Gold Comes Within Hair’s Breadth of $1,800, A First Since Feb.
Gold came within a hair’s breadth of touching $1,800 an ounce on Wednesday as longs in the yellow metal made their most serious attempt since February to return to a level key to recapturing last year’s price highs.

Benchmark gold futures on New York’s Comex scaled $1,798.25 before settling the session at $1,793.10, up $14.70 or 0.8%. It was Comex gold has gotten to since a $1,805 peak on Feb. 25.

The spot price of gold rose to as high as $1,797.24. Moves in spot gold are integral to fund managers, who sometimes rely more on it than futures for direction.

Gold wallowed at the start of the year in a selloff that took it to a 11-month low of $1,673.30 on Comex by early March.

But it seems to have caught an uptrend now, reinforced by renewed concerns over inflation and geopolitical risks. Both those elements had virtually deserted gold after its futures hit record highs of $2,089 per ounce in early August, and they remained absent until early this month as optimism about reopenings from Covid-19 lockdowns took hold instead.
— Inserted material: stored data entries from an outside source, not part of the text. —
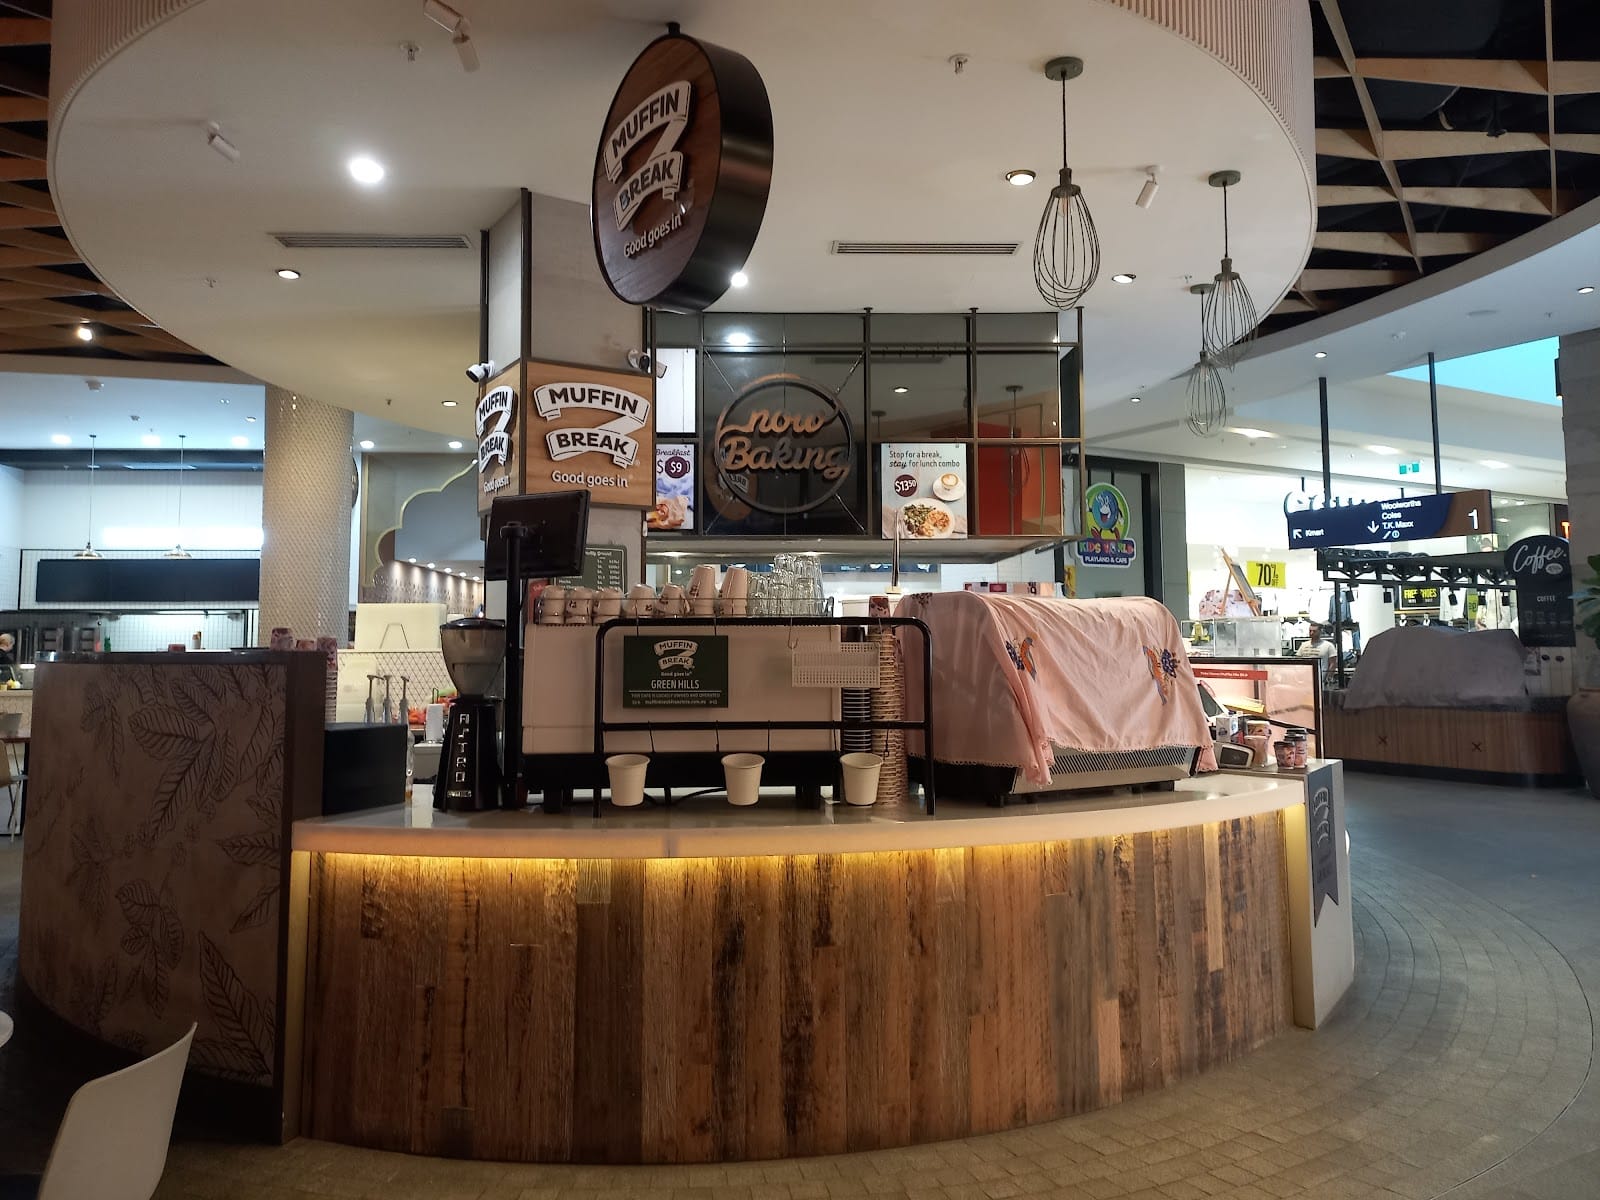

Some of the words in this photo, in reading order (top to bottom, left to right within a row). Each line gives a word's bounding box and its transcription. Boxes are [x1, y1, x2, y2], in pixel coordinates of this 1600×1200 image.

[612, 88, 680, 158] MUFFIN
[619, 157, 676, 211] BREAK
[624, 229, 647, 257] Good
[648, 219, 670, 248] goes
[671, 212, 682, 231] in
[478, 391, 508, 422] MUFFIN
[548, 387, 639, 415] MUFFIN
[738, 406, 830, 433] now
[480, 436, 504, 461] BREAK
[556, 432, 629, 455] BREAK
[724, 436, 848, 480] Baking
[889, 450, 904, 459] Stop
[905, 450, 915, 458] for
[889, 460, 907, 469] stay
[939, 460, 960, 468] combo
[670, 461, 682, 473] $9
[552, 470, 584, 484] Good
[587, 474, 614, 488] goes
[616, 474, 628, 488] in
[1381, 500, 1422, 510] Woolworths
[1381, 511, 1402, 520] Coles
[1467, 508, 1479, 530] 1
[1305, 528, 1325, 537] Kmart
[1079, 541, 1102, 554] KIDS
[1512, 544, 1564, 575] Coffee
[659, 641, 693, 650] MUFFIN
[662, 657, 690, 665] BREAK
[651, 679, 677, 689] GREEN
[678, 679, 700, 689] HILLS
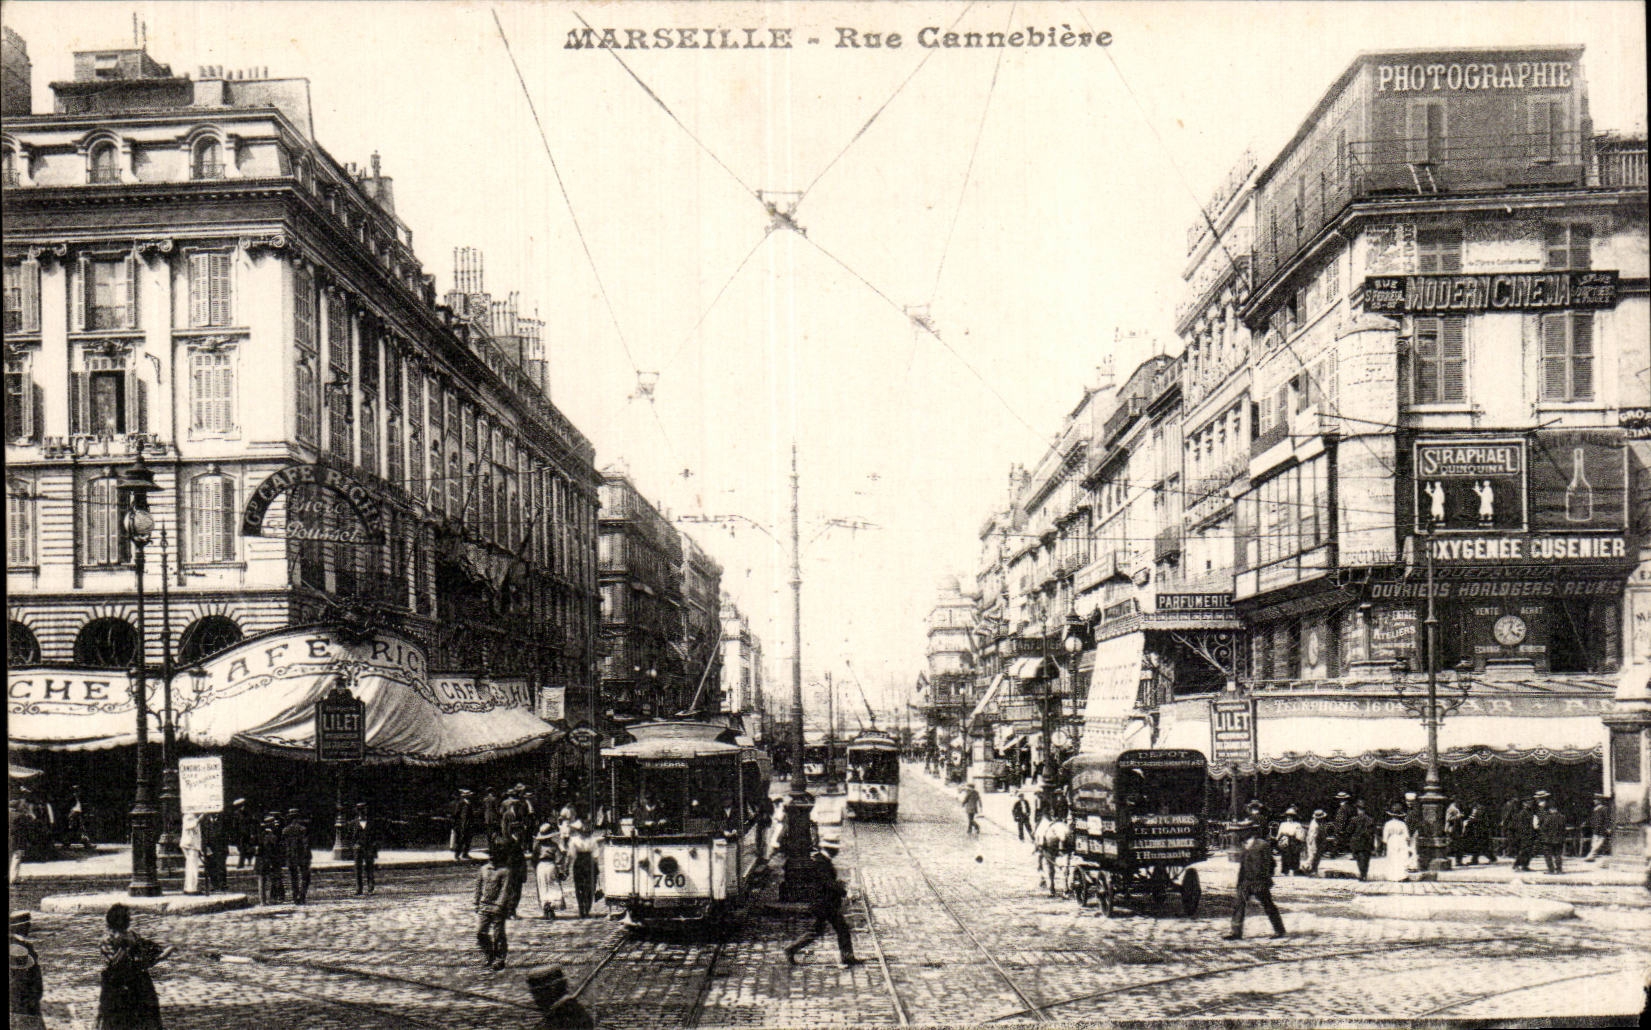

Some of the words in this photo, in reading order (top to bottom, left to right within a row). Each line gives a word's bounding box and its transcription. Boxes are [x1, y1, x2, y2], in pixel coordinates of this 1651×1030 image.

[1379, 61, 1572, 91] PHOTOGRAPHIE
[1406, 275, 1491, 311] MODERN
[1492, 273, 1571, 308] CINEMA
[1530, 538, 1626, 559] CUSENIER
[1459, 581, 1552, 597] HORLOGERS
[1159, 594, 1231, 609] PARFUMERIE
[323, 714, 360, 731] LILET
[1214, 712, 1249, 731] LILET
[1151, 826, 1191, 835] FIGARO
[653, 874, 686, 889] 760
“Gold’s next barrier is the $1,800 level; once prices capture that level, momentum traders could ride this wave towards the $1850 level,” said Ed Moya, head of U.S. research at online broker OANDA.
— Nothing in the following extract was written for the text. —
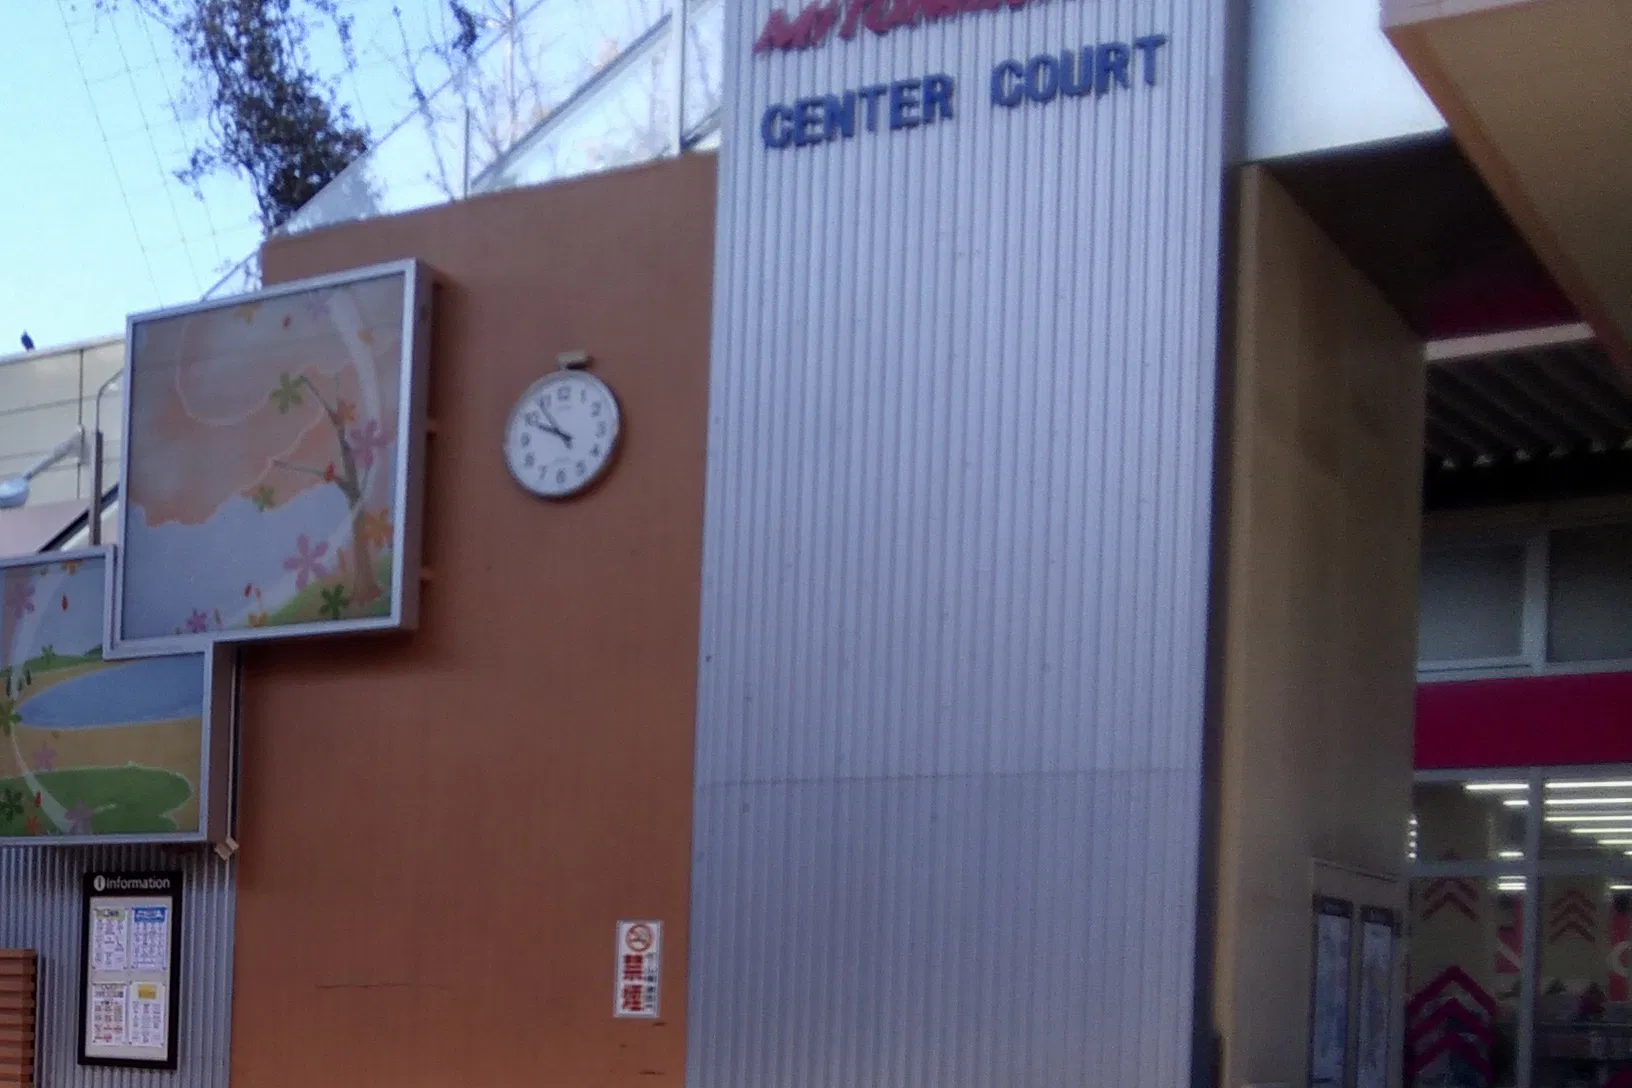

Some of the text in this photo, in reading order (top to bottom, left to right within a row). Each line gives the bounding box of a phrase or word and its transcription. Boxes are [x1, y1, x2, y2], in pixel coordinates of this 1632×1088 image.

Wednesday’s run-up came despite fairly resilient U.S. bond yields and the dollar, which would typically be bearish for gold.
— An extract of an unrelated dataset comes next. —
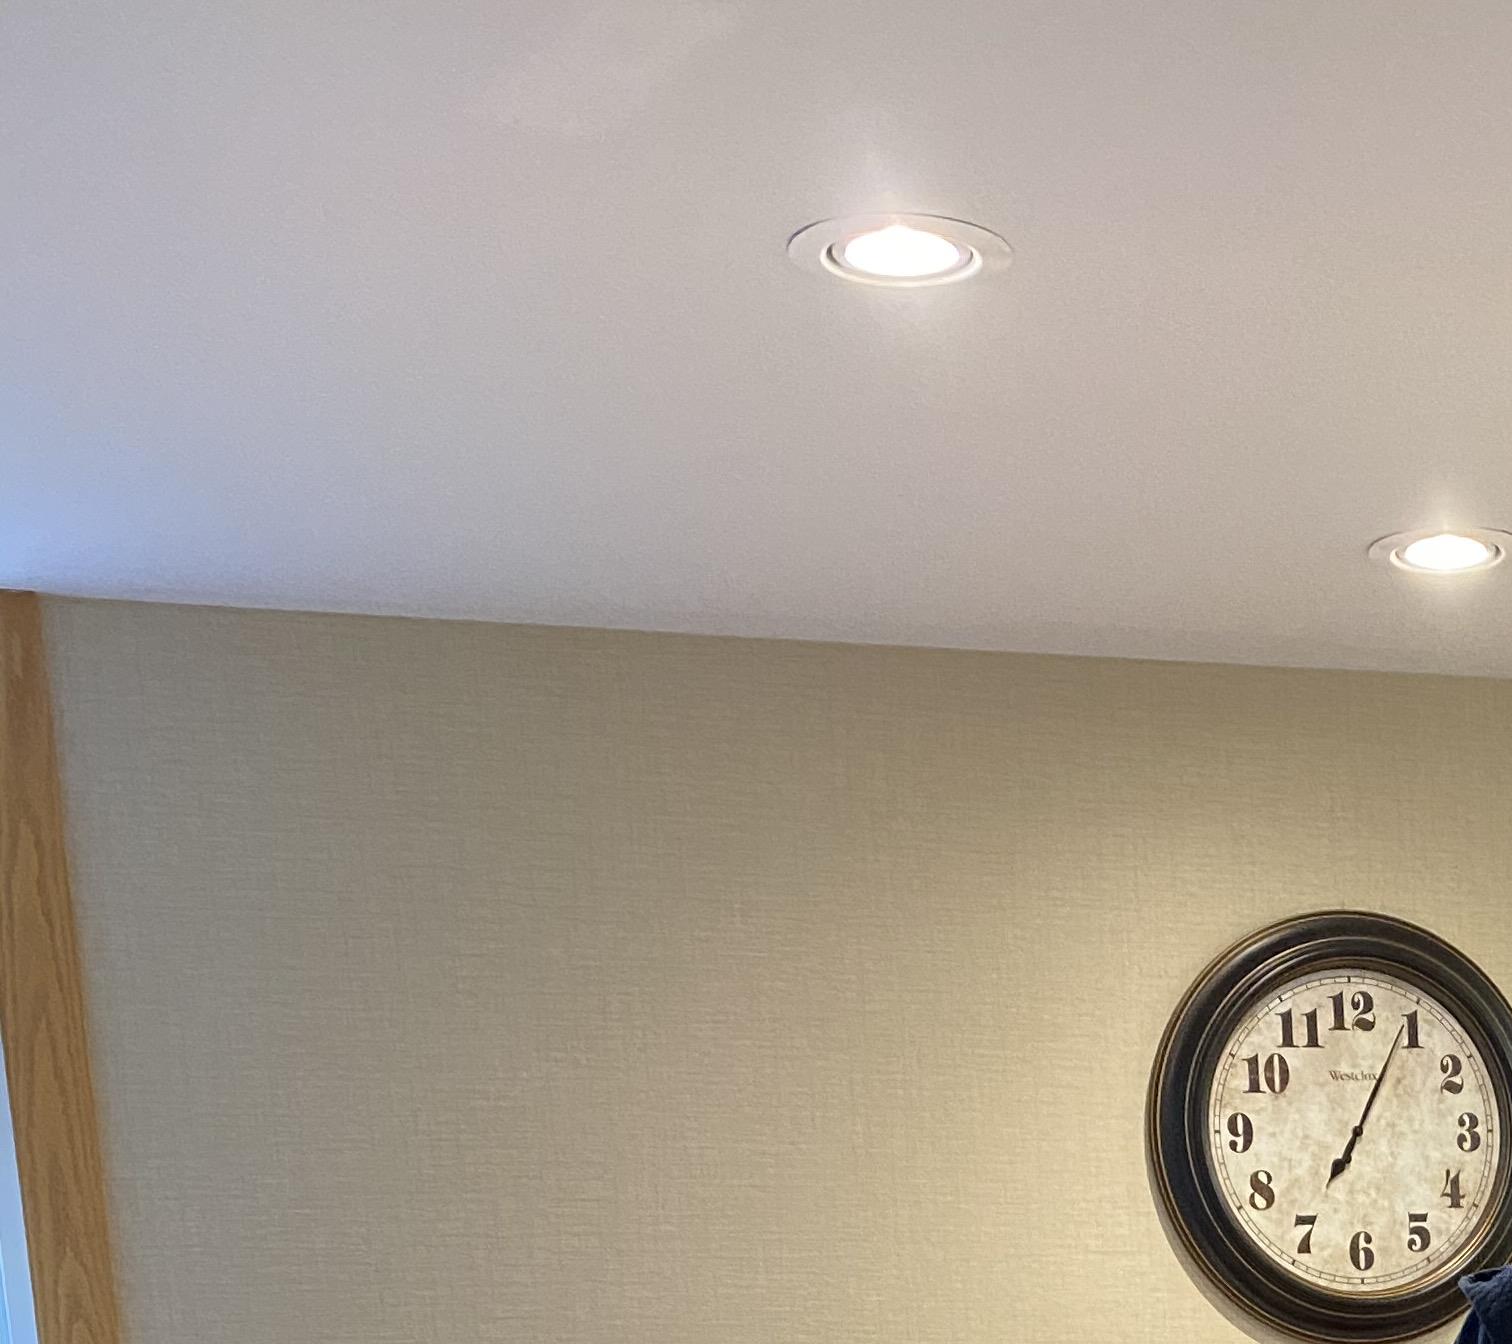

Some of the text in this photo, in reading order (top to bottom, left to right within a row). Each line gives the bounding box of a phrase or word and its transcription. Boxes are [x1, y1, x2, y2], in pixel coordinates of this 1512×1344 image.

U.S. bond yields, measured by the 10-year Treasury note, hit a session high of 1.59%, versus Tuesday’s close of 1.56%. The 10-year note was at a 14-month high of 1.77% on March 30.

The Dollar Index, which pits the greenback against the euro and five other major currencies, was at 91.13, down 0.1% on the day.

Gold has returned to an upward trajectory as safe-haven flows return to the precious metal on concerns about new Covid flare-ups in major economies India and Japan and growing risks to the U.S. outlook, while Treasury yields appear anchored.

“Gold’s outlook is becoming very bullish as too many risks are percolating globally,” observed Moya. “The virus spread across Asia is weighing on sentiment.”

“Market positioning across equities and fixed income could lead to massive inflows for bullion. Even in the U.S., calls for caution are growing for U.S. equities as some analysts are eyeing a potential 10% pullback.”